Subj: Do you also fool them with false No Text notices?
Posted: Sun Sep 02, 2007 at 02:04:28 pm EDT (Viewed 327 times)
Reply Subj: It's supposed to be the other way round. I help them move their millions. First though I require a cash down payment.
Posted: Sun Sep 02, 2007 at 12:39:48 pm EDT



> The Celestians, like the Kirby creations they imitate, are meant to be remote and unknowable. They're robots working to unfathomable programming. They never speak, or communicate in any way. Why do they destory one planet and cultivate another? Ignore one act and destroy a being for another? Nobody knows. They can't be reasoned with, only avoided.

I'm sure Lara knows to try and avoid them at least.  She generally tries to avoid clashing with anything that has a large controlling interest in the universe.  Especially because she is aware of consequences - she knows that fighting the Celestians may just get Earth and everyone she cares about destroyed.  It's much easier just to keep them as far away as possible.

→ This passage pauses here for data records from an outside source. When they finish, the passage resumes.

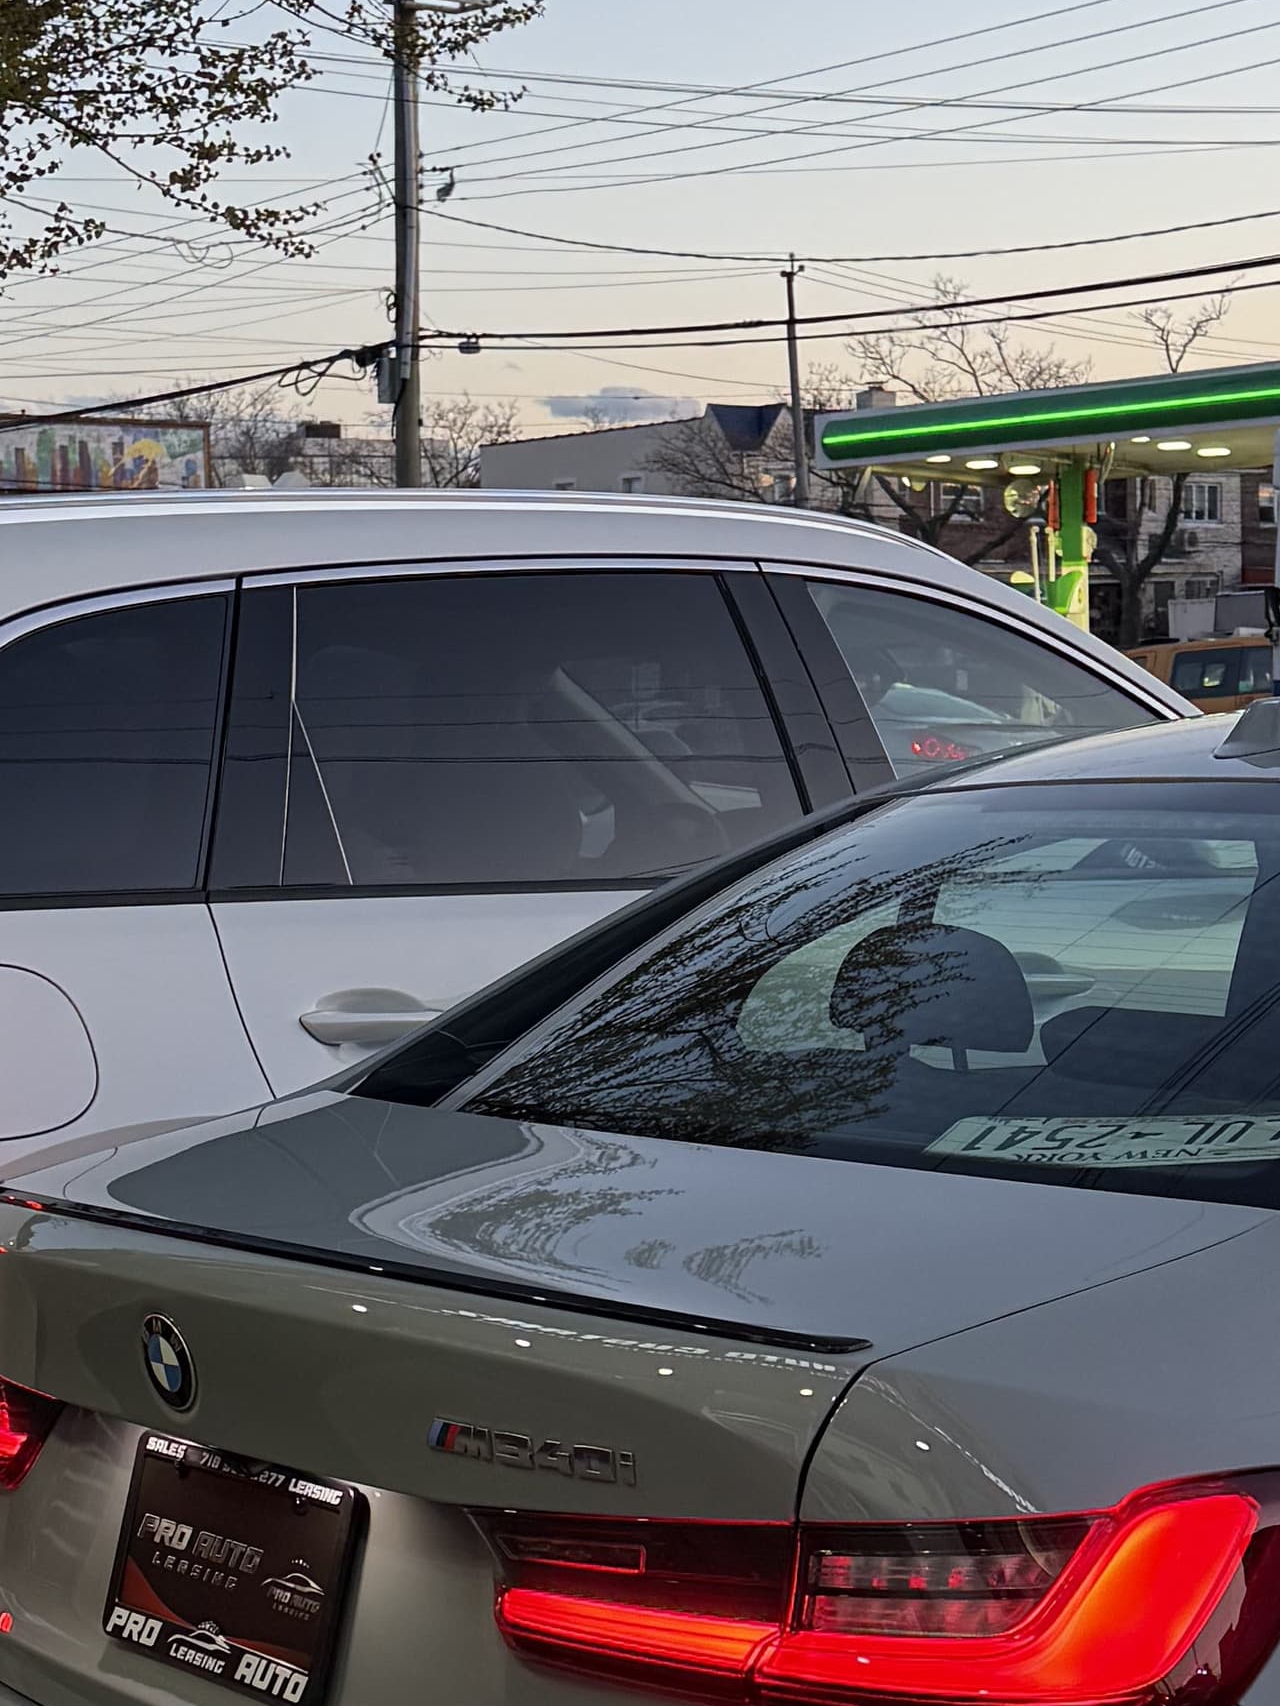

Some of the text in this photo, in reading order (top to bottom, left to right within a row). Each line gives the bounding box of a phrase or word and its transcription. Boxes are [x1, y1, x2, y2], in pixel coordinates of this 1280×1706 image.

[961, 1124, 1124, 1151] 2541
[1117, 1147, 1203, 1162] NEW
[146, 1436, 187, 1459] SALES
[288, 1477, 344, 1505] LEASING
[437, 1417, 637, 1487] M340i
[137, 1513, 265, 1575] PRO AUTO
[151, 1551, 239, 1591] LEASING
[106, 1605, 309, 1703] PRO LEASING AUTO

That said, I was thinking about what might happen if she's forced to deal with the Celestians somehow, possibly through a massive accident or something that occurred as a result of no choice.  Like if she has to borrow a large amount of Celestian energy to help protect Earth from something.  If she can't talk her way out of it, she'd have to trust that they're intelligent enough on their own to understand what she was doing.  Failing that, she'd end up having to resist them just to protect Earth again.  

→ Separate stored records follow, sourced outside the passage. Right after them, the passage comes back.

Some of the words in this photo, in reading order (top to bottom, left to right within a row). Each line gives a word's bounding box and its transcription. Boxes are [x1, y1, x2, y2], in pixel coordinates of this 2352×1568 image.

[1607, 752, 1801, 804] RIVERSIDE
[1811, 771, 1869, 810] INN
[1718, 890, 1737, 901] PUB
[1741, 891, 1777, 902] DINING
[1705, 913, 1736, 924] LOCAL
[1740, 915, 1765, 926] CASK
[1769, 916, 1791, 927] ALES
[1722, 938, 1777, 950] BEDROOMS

Unless, of course, someone warned her that stealing Celestian energy would upset them and be worse than whatever is happening now - then Lara would find some other way to deal with the problem.


> The Triumverate rarely work together. Each has an area of responsibility, roughly caricatured as starts, middles, and endings, and the individual office holder has a lot of latitude in how they interpret and prosecute the role within some overall rules. In matters under their authority they can draw in pretty much unlimited abouts of power to enforce their jurisdiction (so can the minor office holders, but in much narrower fields in much more specialised circumstances). The third set of checks and balances we're aware of, the Family of the Pointless, who have currently withdrawn from interactions, personify aspects of the Parodyverse.

As I've noted above, Lara will probably avoid meeting any of them directly.  The only exception would be if one of them decides to meet her.  Shema cryptically warned her that it's possible, in case one of the power brokers in the Parodyverse might believe something she did either while helping with the Parody Master or while fighting him directly might have either caused some sort of damage, or simply scared or intimidated someone.  

One thing Shema is very good at is seeing the larger consequences of a seemingly small decision, and the intentions behind it.  I was hoping that the power brokers of the Parodyverse had the same ability.


> I don't see either the current Chronicler or Destroyer being inimical to Lara while she behaves herself. There are plenty of less benevolent power-entities out there to watch. Even if Lara was doing terribly wicked things with her power they could only act against her if she crossed certain lines - otherwise the Shaper would have taken down the Hooded Hood years ago.

That's a good sign that they're reasonable at least, and understand her motivations.